Include at least one of the terms *increase*, *decrease*, or *remain the same* to indicate the direction of the hypothesized effect or the lack of it.

## Determine the primary test metric based on a metric with a clear connection to the business bottom line, like profit, revenue, number of sales, or number of products or services sold, based on their impact on the bottom line.

What is affected by your test should have a clear connection to the business’s bottom line. Examples include profit, revenue, number of sales, number of products or services sold, number of leads, and various engagement metrics, in that order.

Review your previous hypothesis to check if it can be reframed using a metric with a more direct effect on the bottom line. For example, use *revenue* if *profit* is not relevant. If that’s not relevant either, then use *number of sales*, and so on. Test metrics would typically be averages per user or per session, with common examples being average revenue per user, and conversion rate per user.

## Determine secondary metrics based on additional information needed when interpreting the test outcome, to ensure there are no unintended consequences and increase explanatory power.

For example, conversion rate and average order value are often secondary metrics used in tests aiming to improve primary metrics like ARPU. Keeping an eye on secondary metrics ensures that ARPU isn’t being increased at the cost of losing customers, or focusing on cheap low-margin products. Observing an increased conversion rate or higher ARPU, or both, would reveal what the test is achieving; making users purchase items worth more in each order, making a larger proportion of users purchase, or both.

A secondary metric, like percentage of unsubscribes following an email campaign, can also be used to guard against being too aggressive and converting visitors at the cost of reduced long term revenue; users unsubscribing from your email list.

## Decide whether relative, percentage, or absolute difference is of interest when measuring the primary metric.

For most purposes, the primary metric by which the test is going to be measured will be the relative or percentage difference. This is the easiest to communicate to interested parties, as it can easily be translated into an effect on revenue, profit, or other business metrics.

In some cases, however, you might be better off measuring the absolute difference. This may be true when the baseline is well-established, but the issue of communication remains even then. Your choice here will affect the statistical model you use, including the way you would later calculate the expected random error.

## Add a margin of superiority or inferiority to the alternative hypothesis, if it only makes sense to proceed with implementing a solution if it results in a specific increase in the primary metric.

If you need an increase of 1% or more in the primary metric, then 1% is your superiority margin. You would then reframe your alternative hypothesis to include the margin.

For example, *Removing elements E1 and E2 from the checkout page will streamline the user flow and result in increased average revenue per user* becomes, *Removing elements E1 and E2 from the checkout page will streamline the user flow and result in at least a 1% increase in average revenue per user*, after considering the minimum effect that needs to be proven.

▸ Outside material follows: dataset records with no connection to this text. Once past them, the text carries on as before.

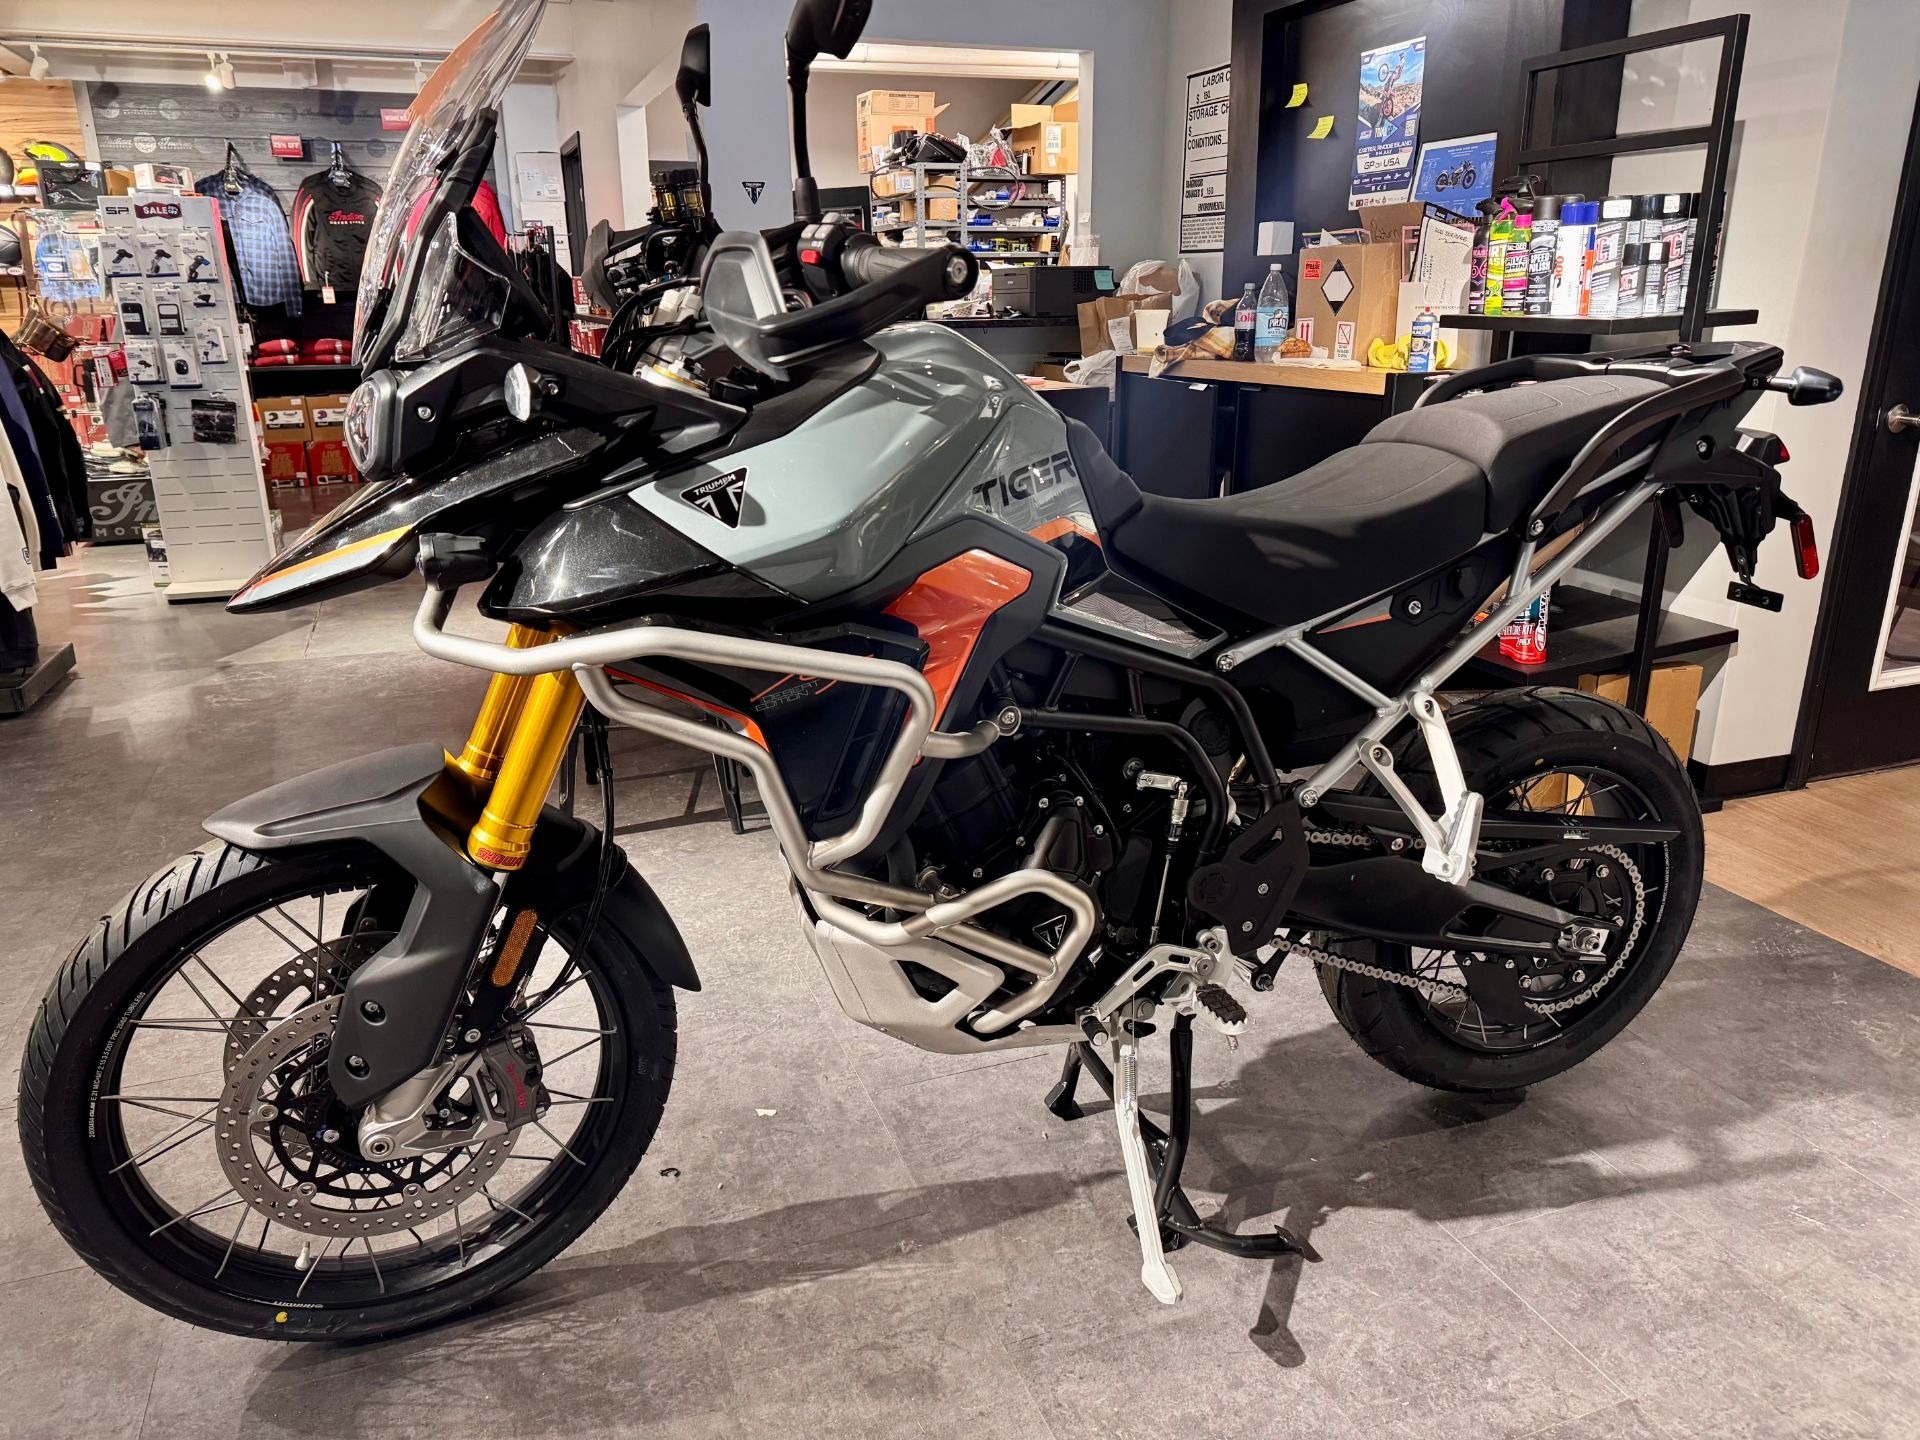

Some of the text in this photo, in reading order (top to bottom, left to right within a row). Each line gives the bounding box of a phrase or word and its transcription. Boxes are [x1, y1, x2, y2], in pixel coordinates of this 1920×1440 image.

[1202, 72, 1224, 88] LABOR
[1188, 104, 1218, 121] STORAGE
[288, 141, 299, 149] OFF
[1187, 134, 1222, 150] CONDITIONS
[1363, 160, 1375, 170] GP
[1383, 157, 1400, 168] USA
[142, 206, 167, 215] SALE
[1530, 252, 1550, 262] SPEED
[1529, 261, 1551, 273] POLISH
[1268, 318, 1288, 328] POLAR
[693, 473, 736, 496] TRIUMPH
[972, 450, 1077, 513] TIGER
[762, 680, 819, 703] DESERT
[755, 689, 809, 712] EDITION
[475, 847, 525, 867] SHOWA
[123, 991, 146, 1017] TUBELESS

Similarly, if you’re testing for non-inferiority, prove that the possible decrease in the primary metric is no larger than a given - usually small - negative margin before implementing a winning variant.

## Determine the type of random error the primary test metric would be subject to, such as differences in user-based metrics, and choose an appropriate model or solution.

The standard normal model applies for differences in user-based metrics; observations are independent and identically distributed following a normal distribution (NIID). This applies to both binomial and non-binomial data, regardless of its underlying distribution.

If the primary KPI is session-based, then the validity of the observation independence is violated if the typical user has multiple sessions. Such KPIs might require more advanced statistical approaches, like bootstrapping, before reliable estimates can be obtained.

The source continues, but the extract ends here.